How has your work changed since Covid-19?
Elizabeth Lee: I am an infectious disease epidemiologist and my primary work is in cholera. Before Covid-19 started, our team was working on mapping the burden of cholera globally and assessing the impact of cholera vaccination campaigns. We used models to try and understand how best to allocate cholera vaccines and to target them to the highest-risk populations to achieve the greatest health impact.
After Covid-19 was announced, I shifted to working full time on developing a mathematical model to understand the dynamics of how the virus might spread. It was a general framework that we were able to apply to different locations, not just within the US, but also in international settings.
Over the course of the pandemic our work has evolved from thinking about how to prepare for hospital surges, towards forecasting and trying to understand the impact of potential scenarios in the future.
How accurate are the models?
Elizabeth Lee: It is not like forecasting the weather – this is purely shaped by physical systems that we understand. With infectious diseases we are getting into the business of how people might behave or change their behaviour in response to a measure or policy, which is not something we can confidently project into the future.
For short-term forecasting we can make some pretty good assumptions and get a decent understanding of what is going to happen in the next few weeks. But when we try to look further into the future, I would not say it is a forecast anymore but rather a ‘scenario’ that makes assumptions about relatively realistic possibilities, so decision makers can plan and compare the potential impact of specific interventions.
How are they being used?
Elizabeth Lee: I think they are extremely useful for situational awareness, providing an idea of what is happening right now and what is about to happen. Like checking the traffic or the weather in the morning, it will not necessarily dictate what you are going to do, but it gets you thinking whether you need to take an umbrella or a different route to work.
It’s hard to say if a specific forecast or scenario has led directly to a policy change.

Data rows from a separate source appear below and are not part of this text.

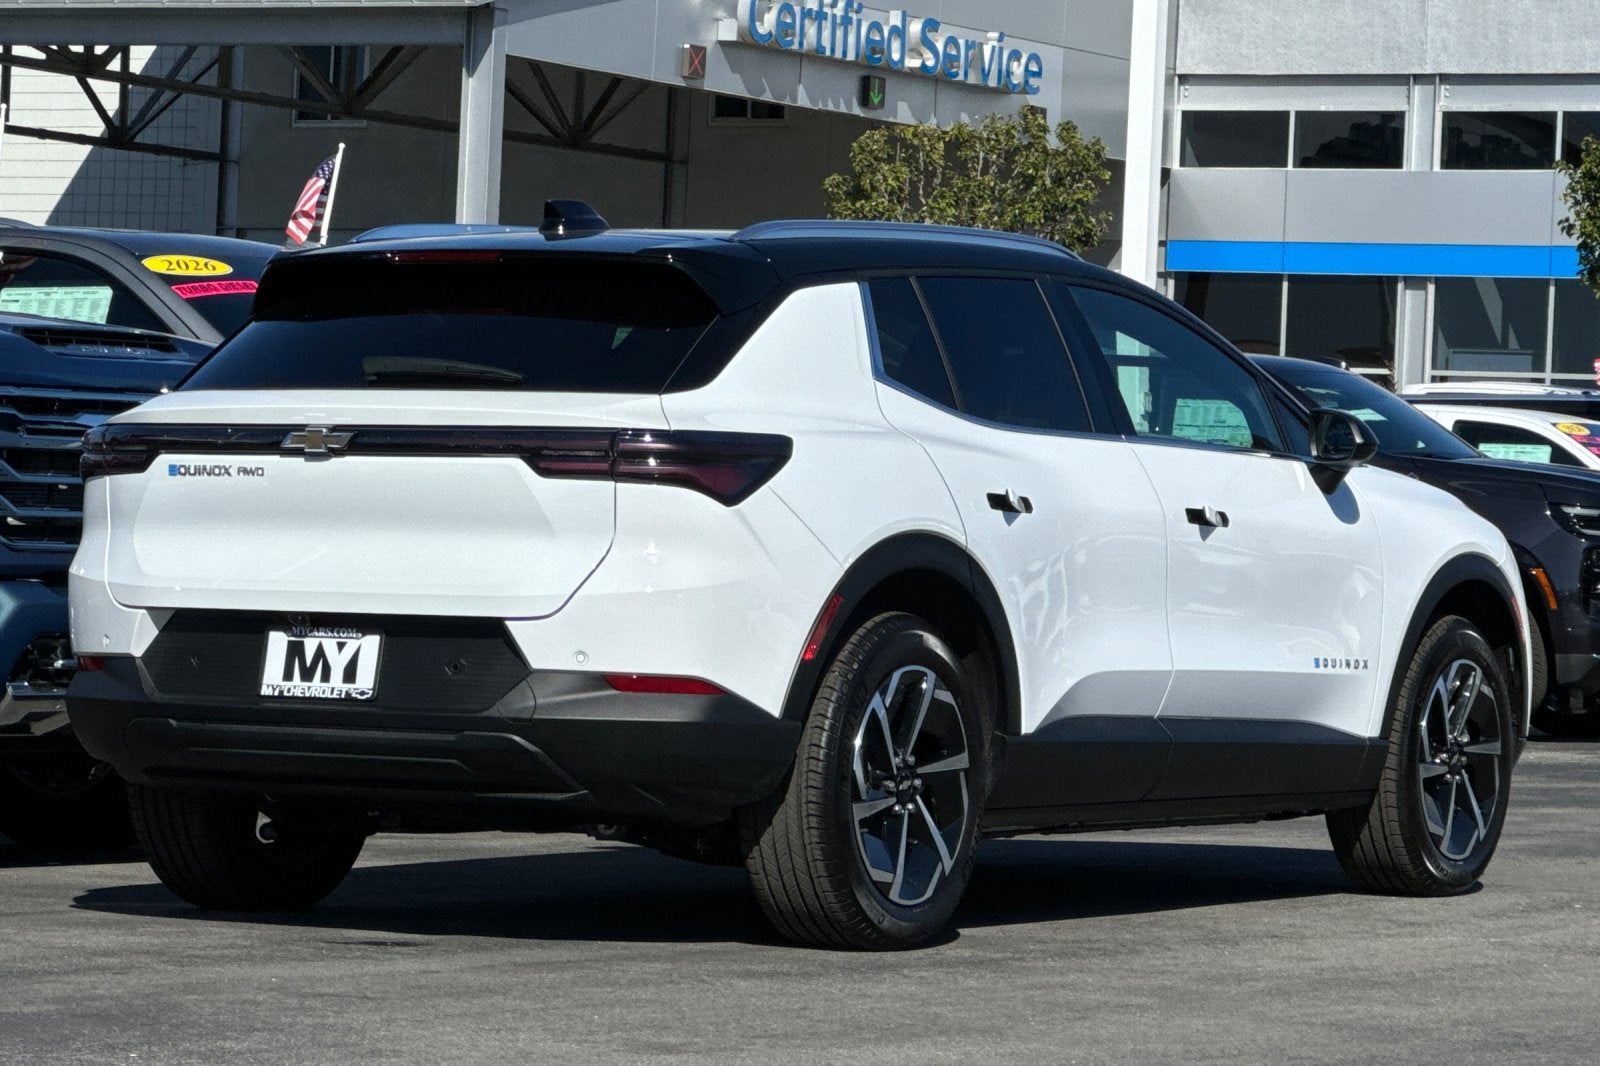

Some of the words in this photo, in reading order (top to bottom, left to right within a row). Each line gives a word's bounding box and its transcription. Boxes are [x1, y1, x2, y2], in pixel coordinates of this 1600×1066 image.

[748, 0, 908, 70] Certified
[919, 18, 1043, 95] Service
[162, 258, 217, 272] 2026
[175, 283, 216, 296] TURBO
[237, 466, 265, 477] AWD
[281, 639, 362, 685] MY
[283, 686, 348, 699] CHEVROLET

We work with different agencies – presenting our mid-to-long term modelling outputs helps them to think through some of the problems and assess what measures might be more effective at dampening virus transmission.
How have disease models shaped communications about the pandemic?
Elizabeth Lee: I doubt people understood what R0 was before Covid-19! At the very beginning, people were talking a lot about ‘flattening the curve’, but I don’t think it was being interpreted in the right way. Taking action to flatten the curve doesn’t mean that the disease is going away, you are just spreading out when people are getting ill so healthcare systems aren’t overwhelmed. I think this led to a backlash as people thought that restrictions would be lifted once the curve was flattened.
A lot of people in our field have really stepped up on social media, made appearances in the news and written opinion pieces to improve understanding of some of these terms and concepts. Nevertheless, there are still challenges in the communication of risk and modelling results to the public.
There is a tendency in the media to pick up models with nice dashboards because they are easy to access, even when they may not clearly communicate their assumptions, limitations, and intended uses. Models are designed to answer specific questions, but it’s easy to take model projections out of those contexts. As a field we need to think more about having some standard ways of talking about mathematical models, trusted sources and pre-prepared explanations for communications to the public.
What will happen to forecasting initiatives post-Covid-19?
Elizabeth Lee: Joint forecasting efforts are not new, they have been used for influenza and Ebola. However, I think Covid-19 has really changed the public mindset as people have seen the value of models. Bringing modellers together and having centralised sources of data for modelling, offers new collaboration opportunities as well as the chance to promote clearer communication.
It will be really interesting to look back and see how different types of models have performed over time. We may find that models with certain features performed better at certain points in the pandemic. We will be able to tweak them to perform better for future outbreaks of Covid-19 or other infectious diseases.